For context on raw pricing: Gemini 2.5 Pro charges $1.25 per million input tokens, GPT-5.2 charges $1.75 per million, and Claude Opus 4.5 charges $5.00 per million. These costs multiply quickly when you are processing hundreds of thousands of tokens per request at scale.
The Latency Floor
Processing 500,000 tokens takes time. For interactive applications where sub-second response times matter, the latency of ingesting a large context window is a dealbreaker. RAG pipelines can average around 1 second for end-to-end queries, while equivalent long-context configurations may take 30 to 60 seconds on the same workload.
The Lost-in-the-Middle Problem
Research by Liu et al., published in Transactions of the Association for Computational Linguistics in 2024, documented a persistent challenge: LLMs perform best when relevant information appears at the beginning or end of the context, but accuracy drops 10 to 20 percentage points when critical information sits in the middle of long contexts. While models are improving — Gemini 1.5 Pro achieves near-perfect recall on single-needle tests — the problem persists for multi-needle retrieval and complex reasoning tasks. Real-world effective context capacity typically runs at 60-70% of advertised limits.
For applications where finding one specific fact in a large corpus matters — compliance checking, medical information retrieval, legal research across thousands of documents — RAG’s targeted retrieval still produces more reliable results than hoping the model will attend to the right section of a massive context.
The Precision Requirement
Some applications demand not just the right answer, but provenance — which document, which page, which paragraph the answer came from. RAG’s retrieval step naturally provides source attribution. With long context, extracting precise citations from a 500,000-token input requires additional prompting and is less reliable.
Building the No-Stack Stack Effectively
For teams adopting this approach, several practices improve reliability and output quality.
Context Organization
Structure matters even without retrieval. Organize documents in the context with clear headers, section markers, and metadata. The model navigates structured context more effectively than a raw text dump.
“`
=== DOCUMENT: Q4 Financial Report ===
Date: January 2026
Type: Quarterly Report
[document content]
=== END DOCUMENT ===
“`
Selective Loading
Not every document needs to be in every query. Build simple logic to select which documents are relevant to the current question — not a full RAG pipeline, but lightweight filtering based on keywords, document type, or recency. This is the minimal retrieval that keeps you below the context ceiling without requiring vector infrastructure.
Context Budgeting
Monitor how much of the context window you are using. Leave room for the model’s response and for any chain-of-thought reasoning. A context window filled to 95% capacity leaves no room for the model to think. Given that effective capacity runs at 60-70% of advertised limits, plan accordingly.
Prompt Caching
For repeated queries against the same documents, prompt caching is essential. Anthropic’s implementation reduces costs by up to 90% and latency by up to 85% for long prompts. OpenAI offers automatic caching with 50% cost savings, enabled by default for prompts of 1,024 tokens or longer. Google provides manual cache setup with a default one-hour lifespan. Across all providers, cached input tokens cost roughly 10 times less than regular input tokens. For stable document sets queried repeatedly, caching transforms the economics of long-context approaches.
Graceful Degradation
Design systems that can fall back to retrieval when the data exceeds the context window. Starting with the no-stack stack does not mean you can never add retrieval — but building with the simpler approach first means you add complexity only when the use case demands it. This progressive architecture lets teams ship faster and add infrastructure only when they hit a concrete wall.
The Hybrid Future
The industry is converging on a pragmatic middle ground. The most effective production architectures in 2026 use retrieval to identify relevant context, then feed that retrieved context into long context windows for reasoning. This hybrid approach captures the precision of RAG with the reasoning depth of long context.

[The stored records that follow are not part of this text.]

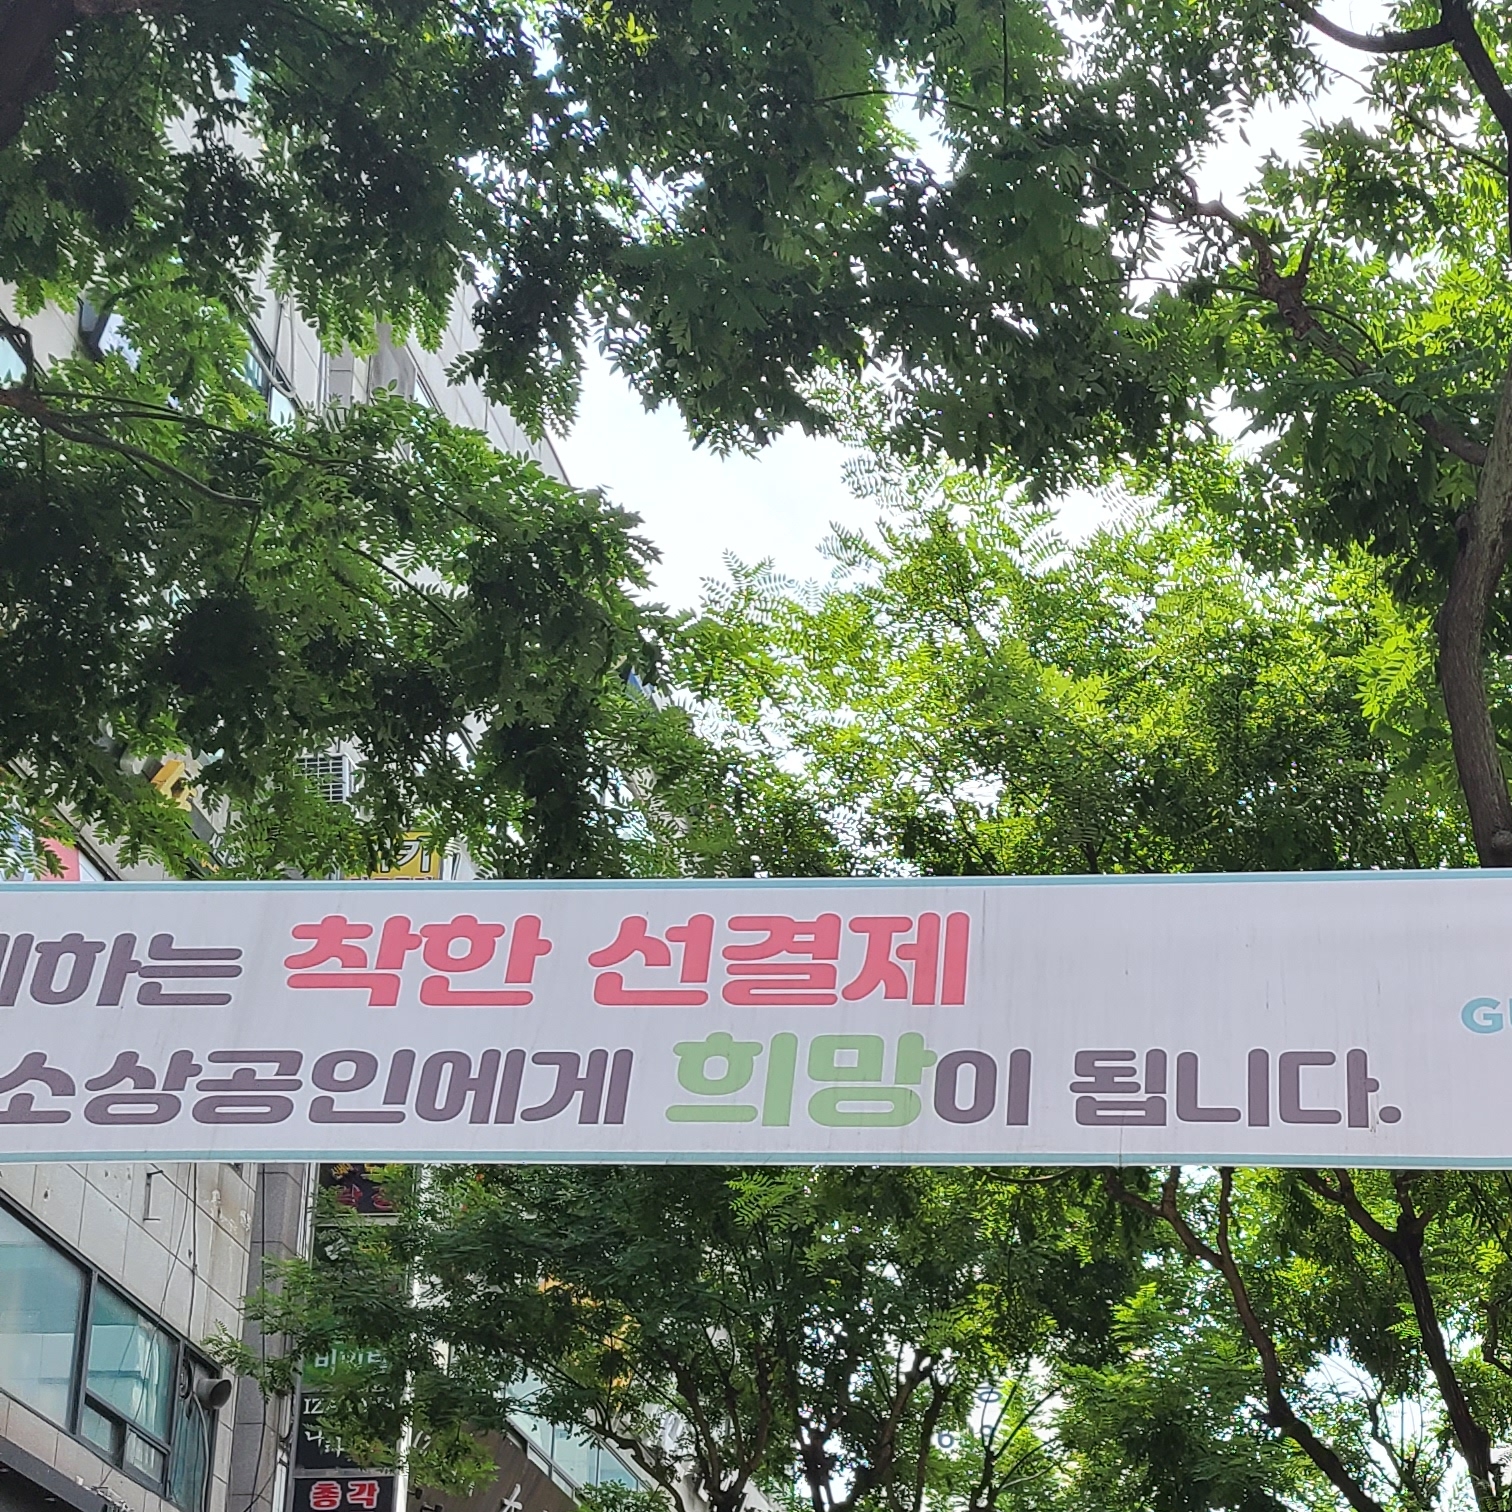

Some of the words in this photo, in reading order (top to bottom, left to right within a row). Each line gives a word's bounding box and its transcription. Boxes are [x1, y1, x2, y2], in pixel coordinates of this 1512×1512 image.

[284, 913, 553, 1008] 착한
[588, 911, 971, 1007] 선결제
[0, 1048, 633, 1126] 소상공인에게
[664, 1031, 1034, 1128] 희망이
[1068, 1047, 1402, 1129] 됩니다.
[309, 1480, 380, 1511] 총각
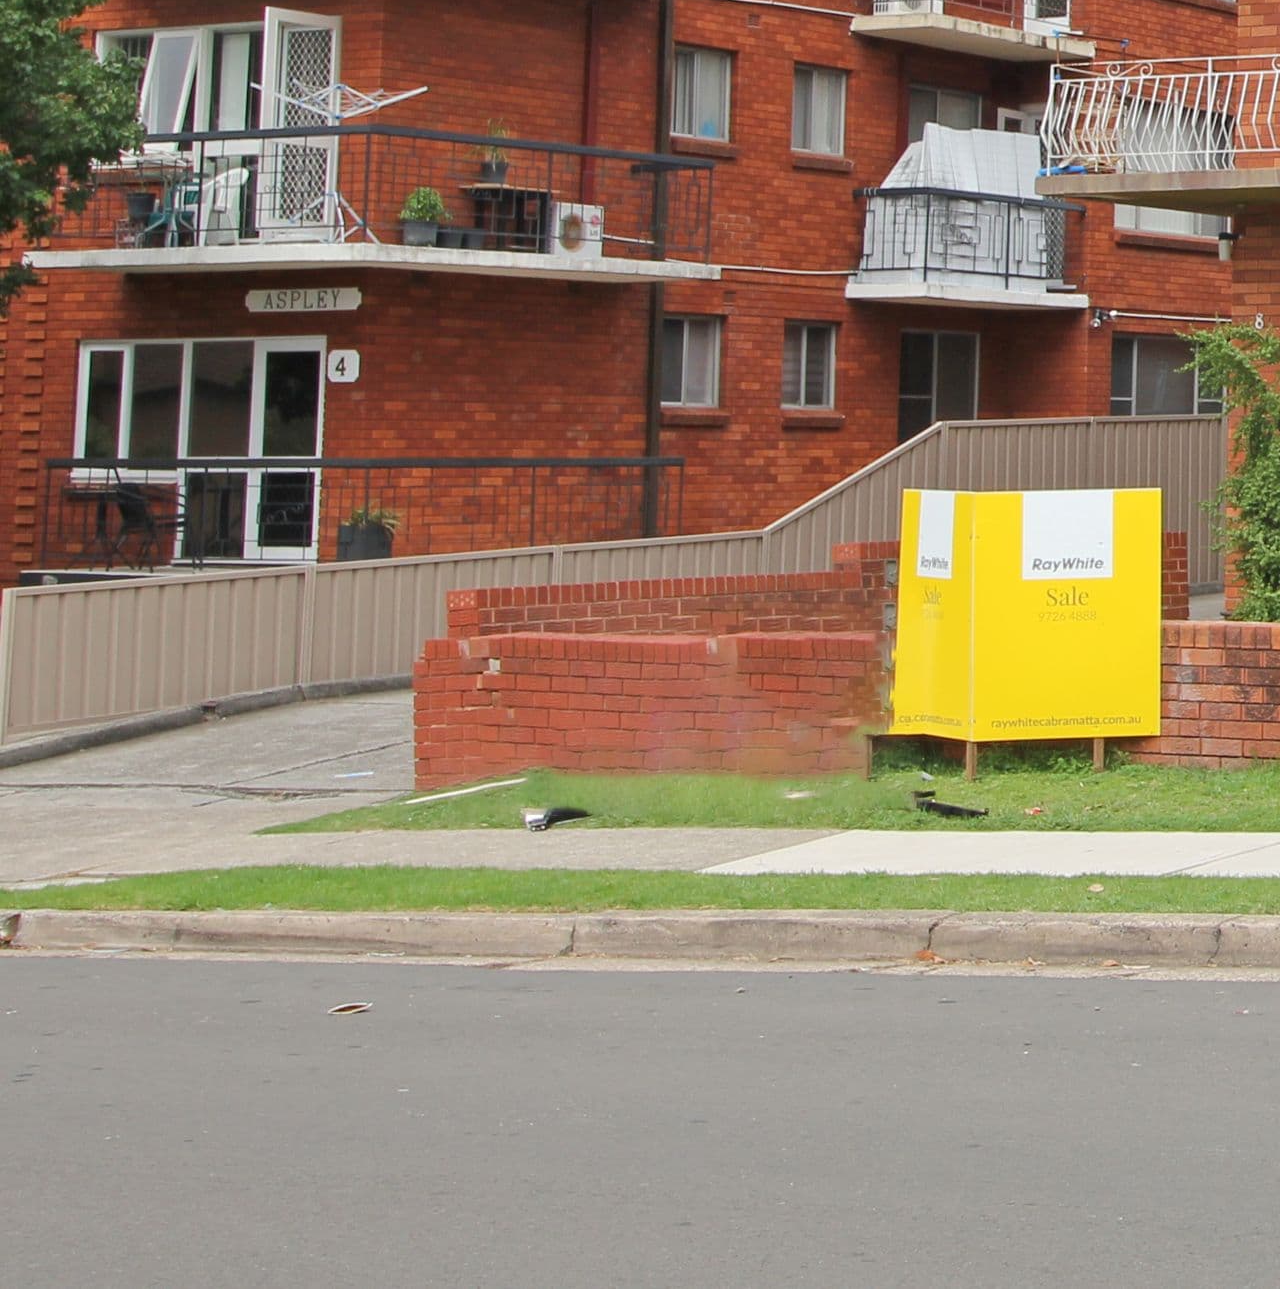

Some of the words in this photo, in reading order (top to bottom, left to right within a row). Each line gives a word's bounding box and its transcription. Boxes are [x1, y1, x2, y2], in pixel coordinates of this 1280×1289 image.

[263, 288, 341, 310] ASPLEY
[1254, 312, 1264, 329] 8
[335, 356, 346, 377] 4
[1031, 556, 1105, 573] RayWhite
[923, 583, 942, 606] Sale
[1045, 586, 1089, 607] Sale
[991, 713, 1142, 729] raywhitecabramatta.com.au
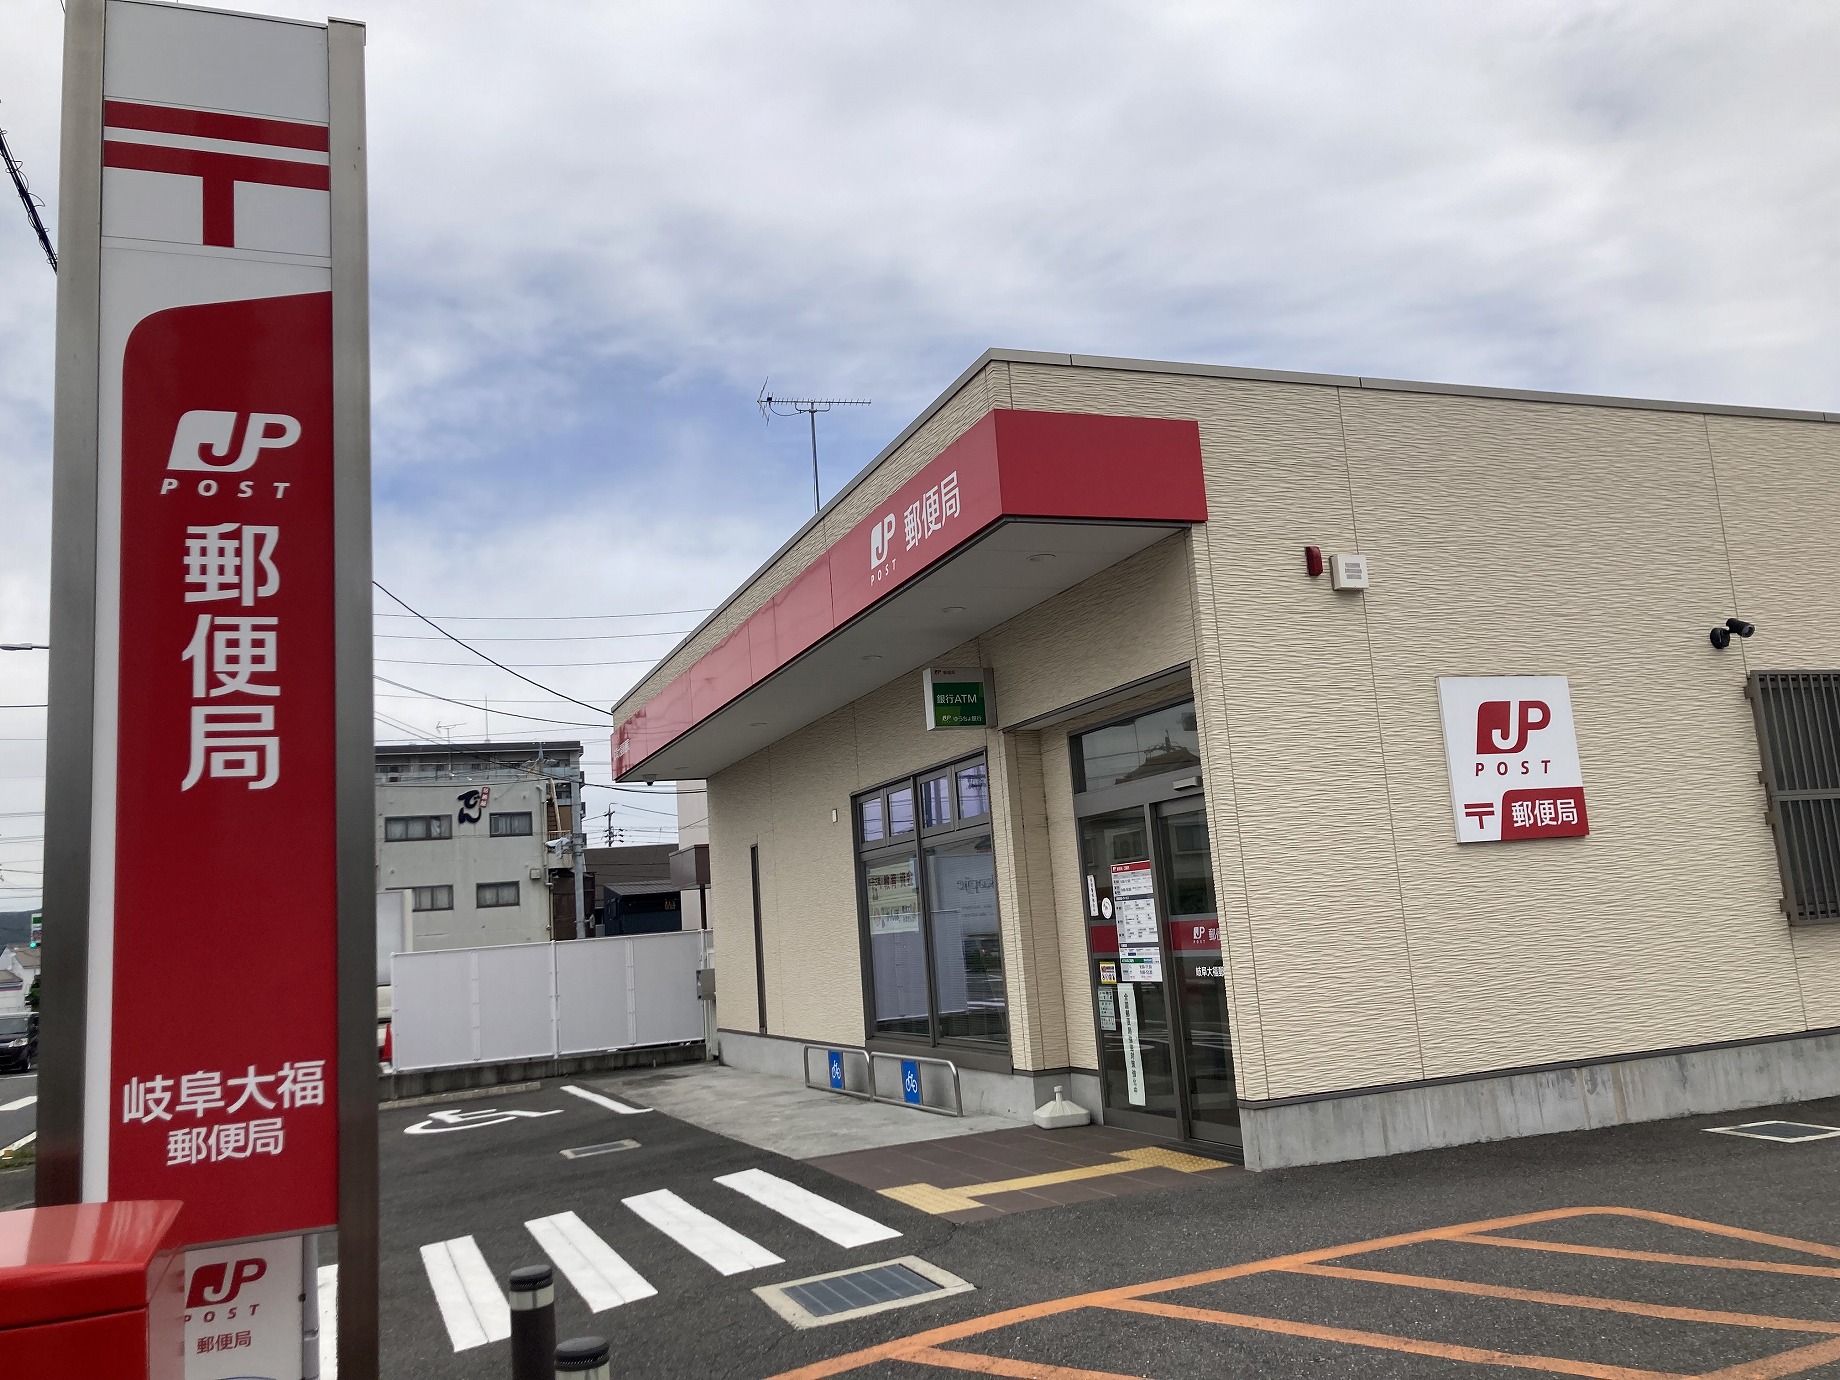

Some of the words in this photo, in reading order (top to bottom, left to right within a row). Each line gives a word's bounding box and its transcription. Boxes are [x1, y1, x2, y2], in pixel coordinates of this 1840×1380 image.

[167, 410, 302, 473] JP
[160, 478, 291, 500] POST
[904, 470, 960, 552] 郵便局
[870, 512, 896, 570] JP
[870, 558, 896, 587] POST
[181, 523, 282, 793] 郵便局
[936, 694, 977, 704] 銀行ATM
[1476, 700, 1552, 755] JP
[1475, 760, 1551, 777] POST
[1511, 798, 1578, 828] 郵便局
[122, 1060, 325, 1125] 岐阜大福
[166, 1117, 285, 1167] 郵便局
[196, 1330, 252, 1355] 郵便局

Think of it as a spectrum rather than a binary choice:
- Pure no-stack — Documents fit in context, bounded use case, moderate query volume
- Lightweight filtering + long context — Simple keyword or metadata filtering narrows documents before loading
- Hybrid RAG + long context — Vector retrieval identifies relevant chunks, long context window reasons across them
- Full RAG stack — Enterprise scale, high volume, precision-critical applications
The no-stack stack is not anti-engineering. It is a recognition that unnecessary infrastructure has costs — maintenance overhead, debugging complexity, failure modes, and cognitive load. Every component should earn its place by solving a problem that simpler approaches cannot handle.
Conclusion
The no-stack stack is the right starting point for most AI applications that work with bounded document sets. Load the documents. Ask the question. Get the answer. Add infrastructure only when you hit a wall — scale, cost, latency, or precision — that the simple approach cannot clear.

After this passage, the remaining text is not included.